In some instances, employees are tasked to operate within a high-hazard workplace as well as being insured with regards to workers’ compensation standards and must receive OSHA training. Texas insurance companies also require the employee to formulate an accident prevention plan (APP).
Workers Rights and Coverage
At the core of the OSH Act is the right for workers to perform their duties within a safe and healthful workplace. In order to ensure workers can maintain these safety standards, certain rights have been extended to them. The right to a workplace free of known potential hazards includes being able to:
- Generate and file a report to OSHA Texas, have the premise inspected for any negligence, attend the inspection, and report any coercion from the employers regarding OSHA.
- Access safety information and training when handling hazards, addressing issues, and knowledge concerning addressing injuries.
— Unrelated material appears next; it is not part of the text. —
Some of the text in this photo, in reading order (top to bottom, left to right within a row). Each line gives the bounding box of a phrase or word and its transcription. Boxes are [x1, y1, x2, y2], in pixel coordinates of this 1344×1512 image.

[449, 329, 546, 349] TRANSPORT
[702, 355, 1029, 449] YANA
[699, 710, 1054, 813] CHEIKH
- Access training in language and manner that is understandable.
- Have access to information about work-related injuries that have happened within the premises of the workplace.
- Have access to any personal medical records, test results, or documentation relating to measurements of potential hazards within the workplace.
Requirements and Safety
The OSH Act has laid out several requirements and safety guidelines that must be followed. Otherwise, a company can be subjected to hefty fines and penalties. Certain conditions can be contingent on the work environment, such as how to address battery fluid spills or the need for additional safety equipment such as eye washing stations. However, there are universal standards that must be met, including:
- Providing employees access and prerequisite knowledge to use and maintain their tools and equipment.
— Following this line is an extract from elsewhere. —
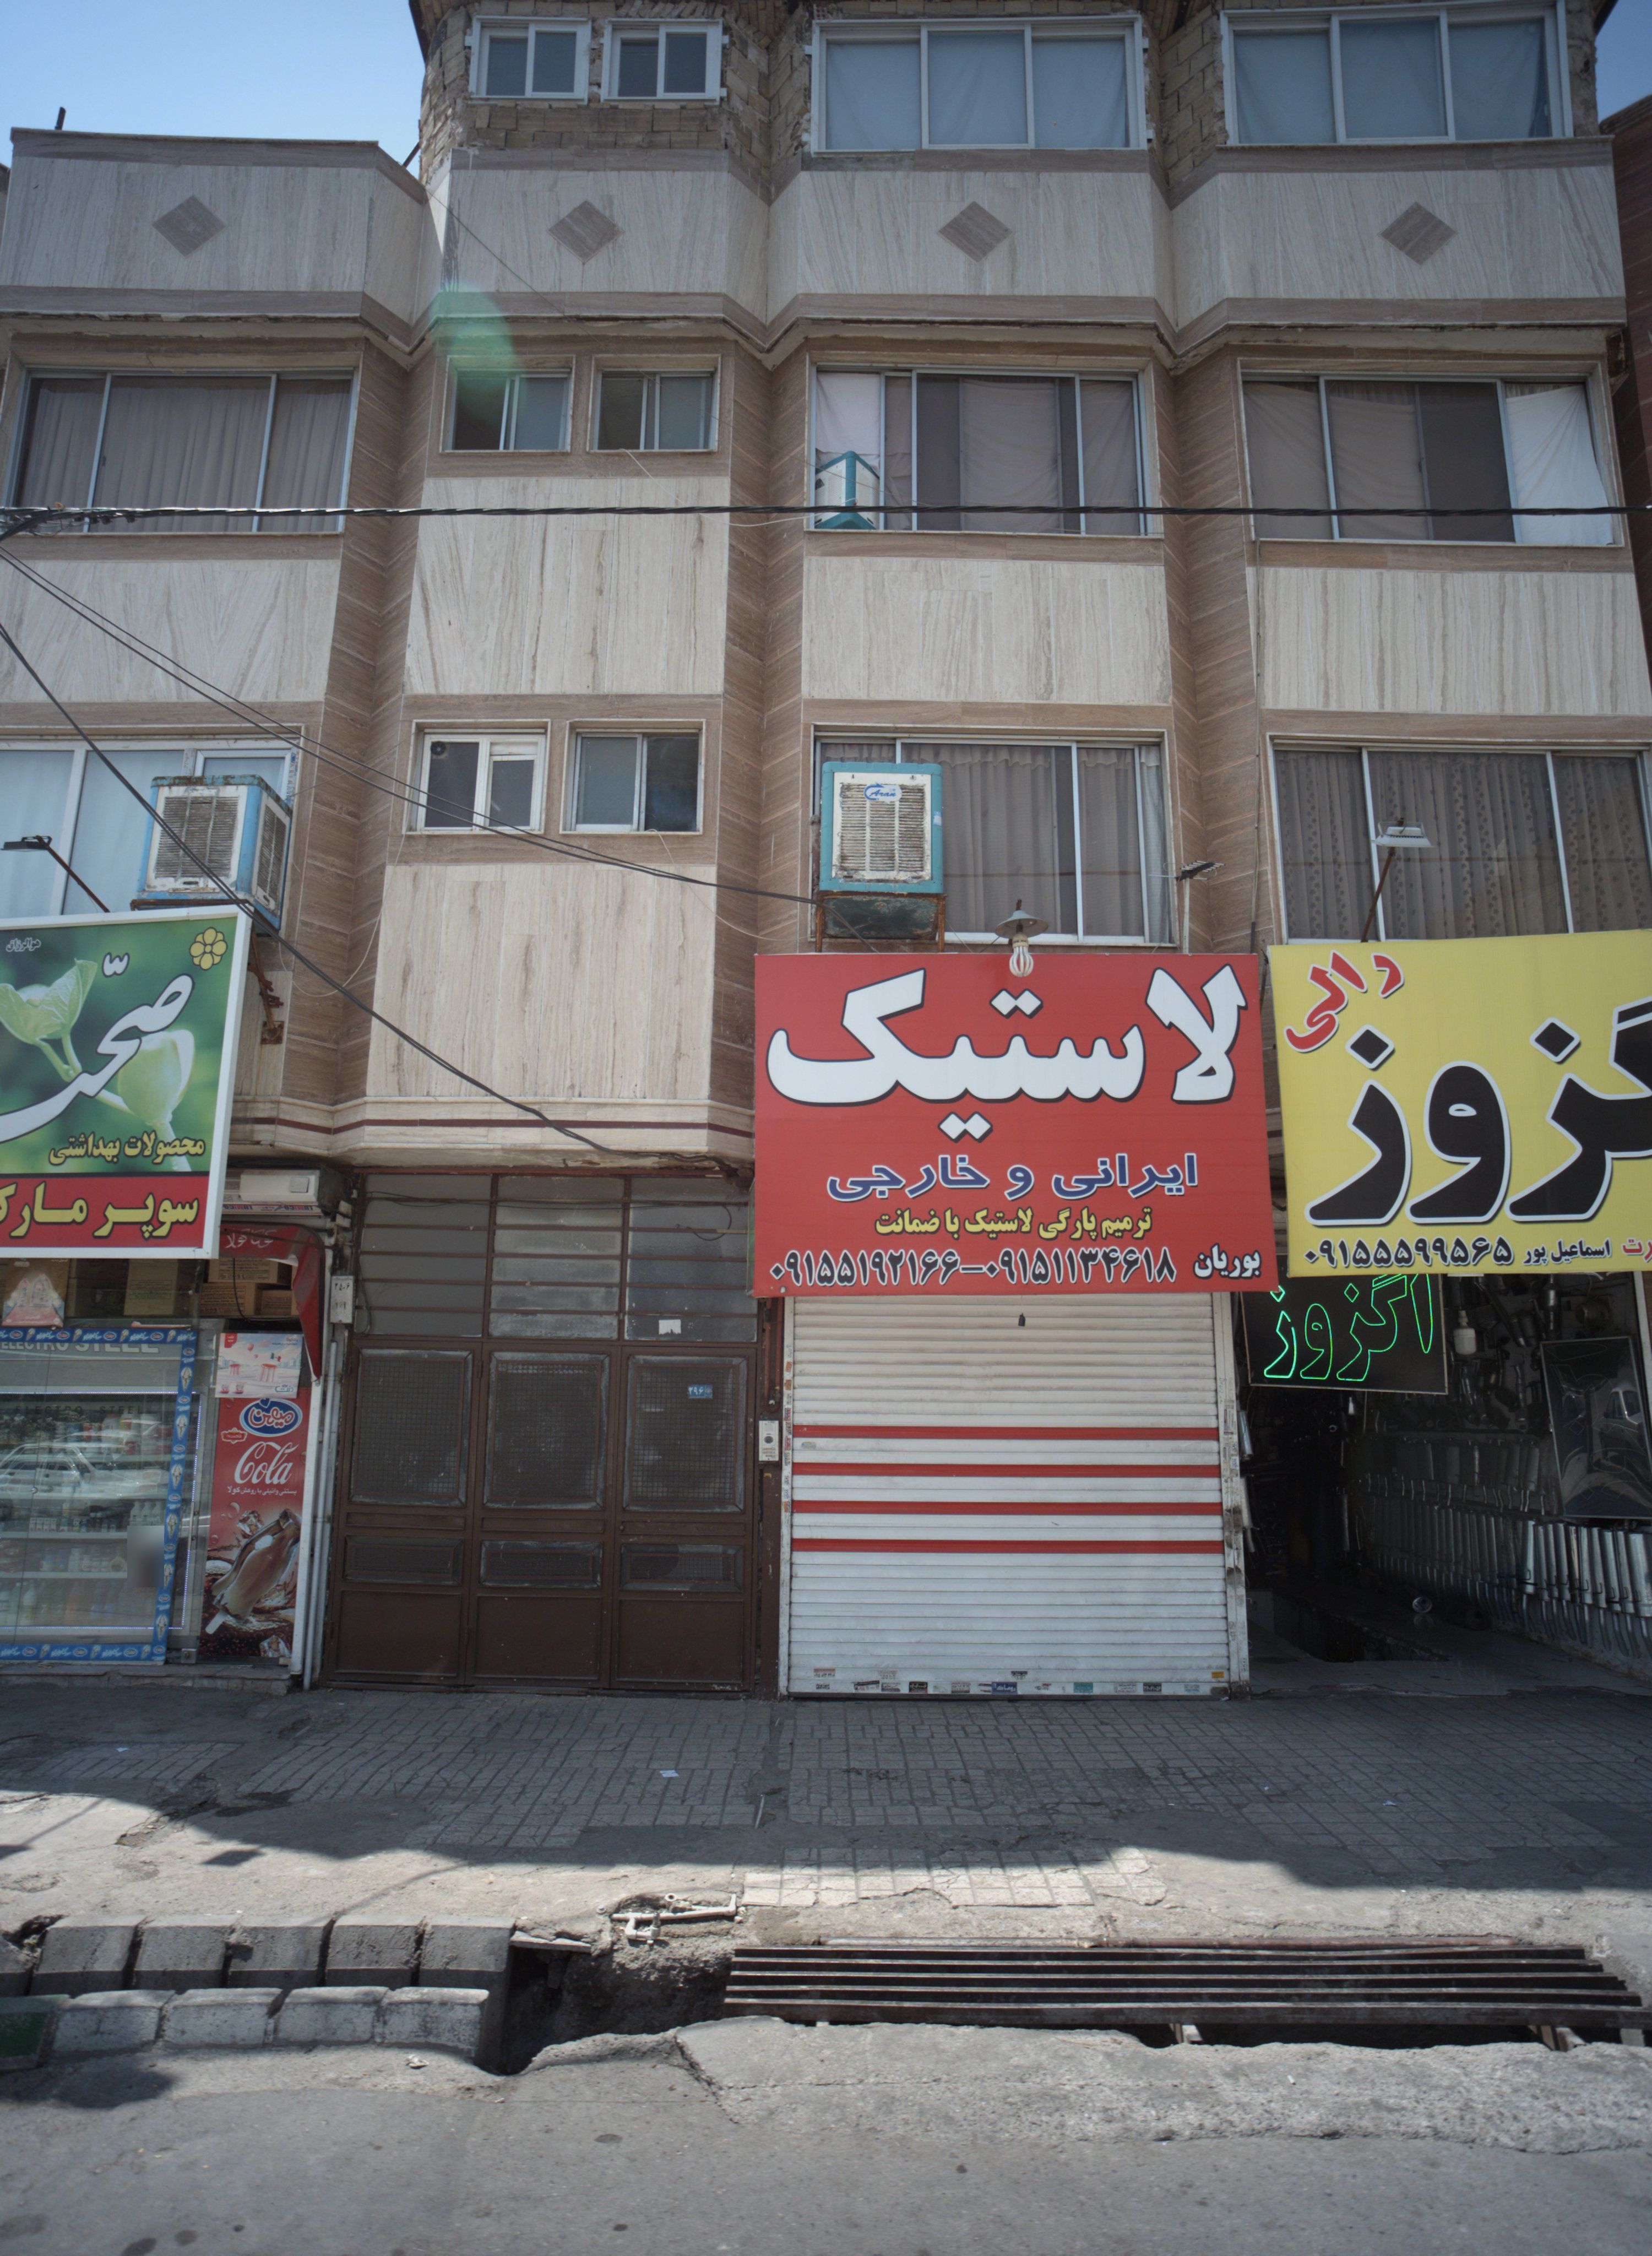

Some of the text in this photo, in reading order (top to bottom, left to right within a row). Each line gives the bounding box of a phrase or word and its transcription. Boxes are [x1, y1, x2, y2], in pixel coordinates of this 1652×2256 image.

- The use of color codes and proper signage to identify potential dangers.
- Consistently informing the employees of any update relating to changes in procedures and how to adapt to any changes regarding the safety and health requirements.
- Publicly posting, within a well-trafficked area in the workplace, the OSHA poster which informs employees of their rights and responsibilities.
- Reporting to the local OSHA office any workplace fatalities within eight hours of the incident.
- Reporting to the local OSHA office any serious injury or hospitalization within 24 hours of the incident.
- Maintaining and safekeeping a record of all work-related accidents, injuries, and medical records. (A notable exception to this rule is that a company with ten or fewer employees conducting operations that have been classified as low-hazard are exempt from this rule.) These records must be made available to current and former employees or an authorized representative.
- Maintaining a ledger of authorized employee representatives that may be asked to attend an inspection and providing it to the local OSHA compliance officer.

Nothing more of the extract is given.